I spent a couple of weeks alone at home that summer. My brother was at camp and my father on a business trip. Bored one rainy day, I opened up their last game on the computer. They had been going on about it. for weeks.
     I began from the beginning. A splendid start: texts backed by imaginative visions. Then darkness. In the middle of it a gold-coloured, glimmering dot. Nothing else. I waited for a long time. Nothing else. I waited. Nothing. Then I pressed the computer's space-bar. The dot exploded and the explosion filled the entire screen. From its centre swarmed familiar patterns. Diagrams of atomic nuclei, electrons, radiation.
     So: the big bang. The clock had begun to tick. Digital numbers flashed. So: the beginning of time. The explosion faded. The screen turned dust-grey and a hand appeared at its centre. A hand in the middle of empty space? I pressed the Help button. A text appeared: Get going, time is not eternity.
     I moved the hand with the mouse. As it moved, it wiped the screen clean of the fine dust. When I had cleared a large, circular area and had got the dust into a heap in one corner of the screen, I clicked the mouse and the hand pressed the dust into a ball. The intention was not, after all, to clean space of dust, but to collect it. I prodded the ball with the finger. It began to move. It drifted outside the screen. I scrolled the screen and brought the ball back into range. It moved, collecting dust. I prodded the ball harder: it broke into two pieces, both of which continued to roll. They grew and became round. Not only did they wipe dust into themselves, they attracted it. The larger they grew, the more intensely they attracted dust and the faster they grew. Then they changed them from grey to red, yellow and glowing gold. I made more balls, set them spinning and in dashing across the screen. When a small ball came near a large, glowing one, it began to circle it. Gravity. I realised that I could use one of the function keys to zoom. I zoomed the screen further away from the balls, and three-dimensional space opened up before me.

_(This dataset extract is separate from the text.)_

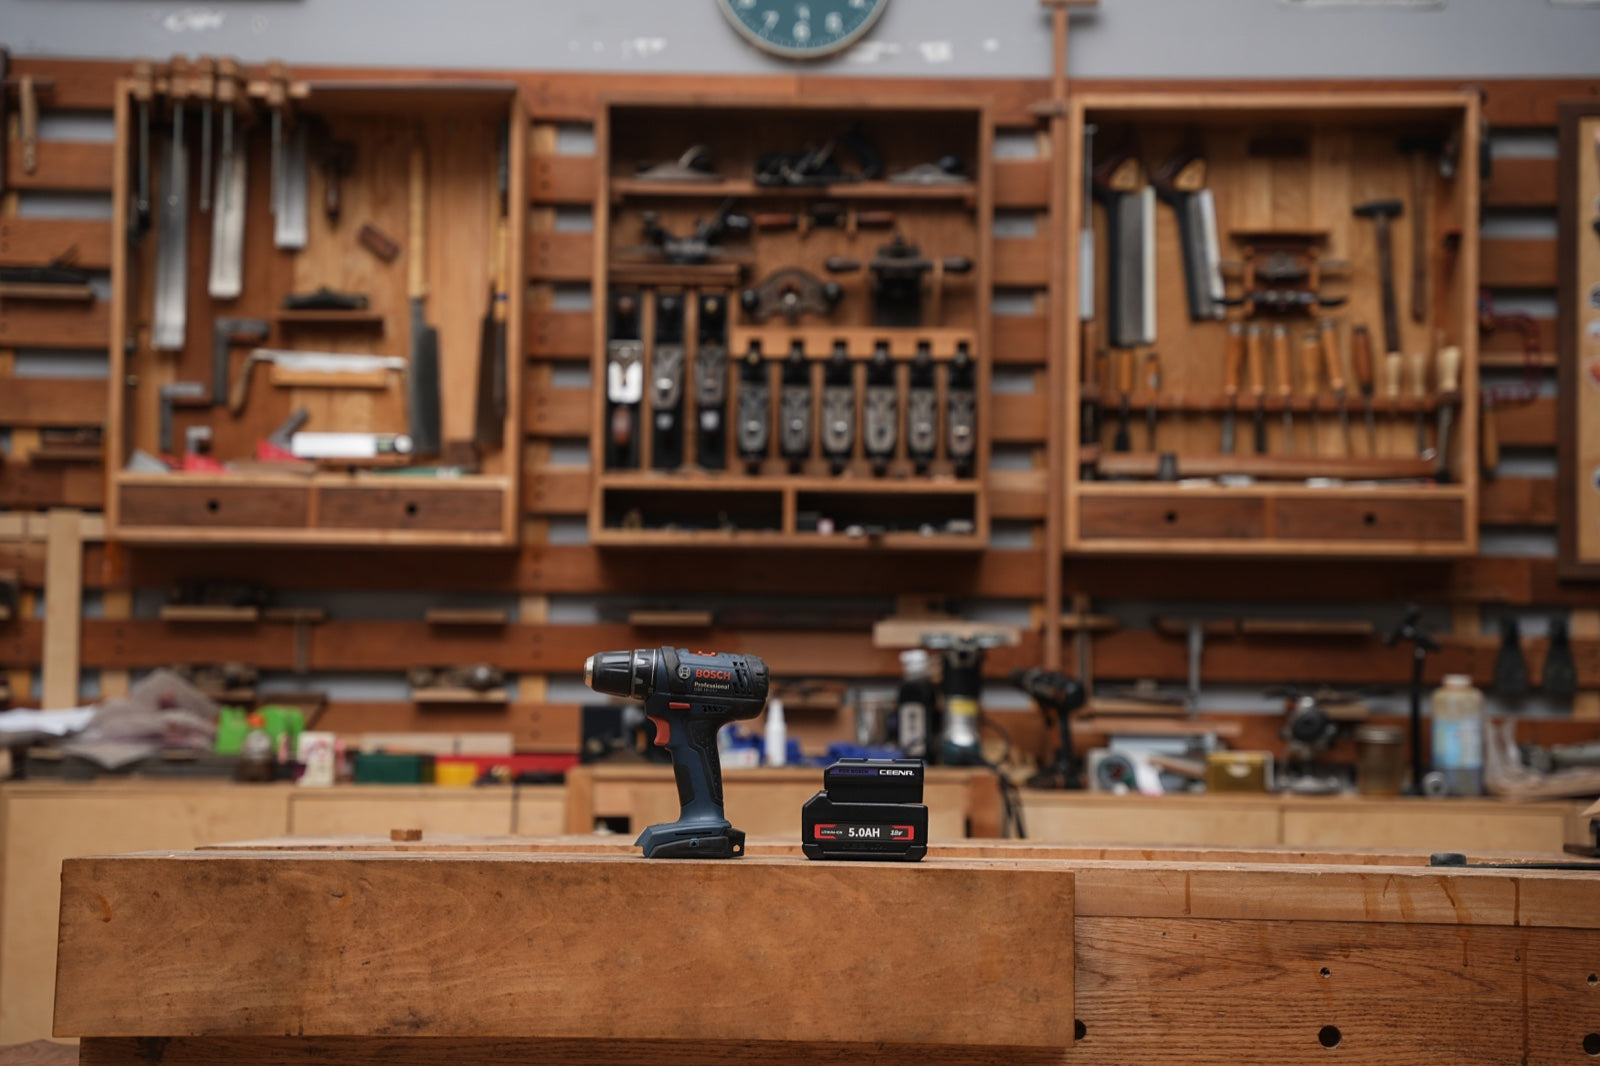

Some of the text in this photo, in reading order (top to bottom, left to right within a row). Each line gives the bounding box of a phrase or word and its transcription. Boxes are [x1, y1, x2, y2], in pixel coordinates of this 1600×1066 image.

     The same process was taking place at every level of space. Balls of different sizes were being created from dust. Some of them glowed red, some yellow, they circled one another. I had created space, with stars and planets. But what is the purpose of the game? Star-wars? How does it work, what gives it rules, magic or science? What is its aim? I pressed Help.
     A billion years have passed; get moving, the text chided.
     Then one of the stars collapsed, glowed white and exploded.
     I zoomed closer. All that was left was lumps and coarse dust. I remembered from school physics lessons that our solar system is built of the primal elements created by the pressure inside a white dwarf, mainly carbon and metal. So I gathered the remains of the white dwarf on to my hand and pressed them into a large ball, and made a group of smaller ones circle it. The big ball began to glow and I had a solar system. A very     beautiful solar system, when I had patted a couple of planets into a slightly rounder shape and made rings for a few more.
     The game appeared to be a scientific teaching game, fairly simple. But why had Dad and the boys stayed interested in it for weeks?
     I tried the function keys. A window appeared, with distances, temperatures, speeds, masses, analytical diagrams.
     Good. I moved the earth a little closer to the sun. The ground was deserted and empty and covered in water. I checked the temperatures at the poles and the equator, and straightened the axis slightly. I made depressions in the earth with the hand. I crumpled the earth's core into mountains, stroked it into valleys. Continents and oceans were born. Volcanoes appeared.
     What now? It was probably necessary to create plants and animals. How to create life? Help told me I was about fifty thousand years late. Late for what?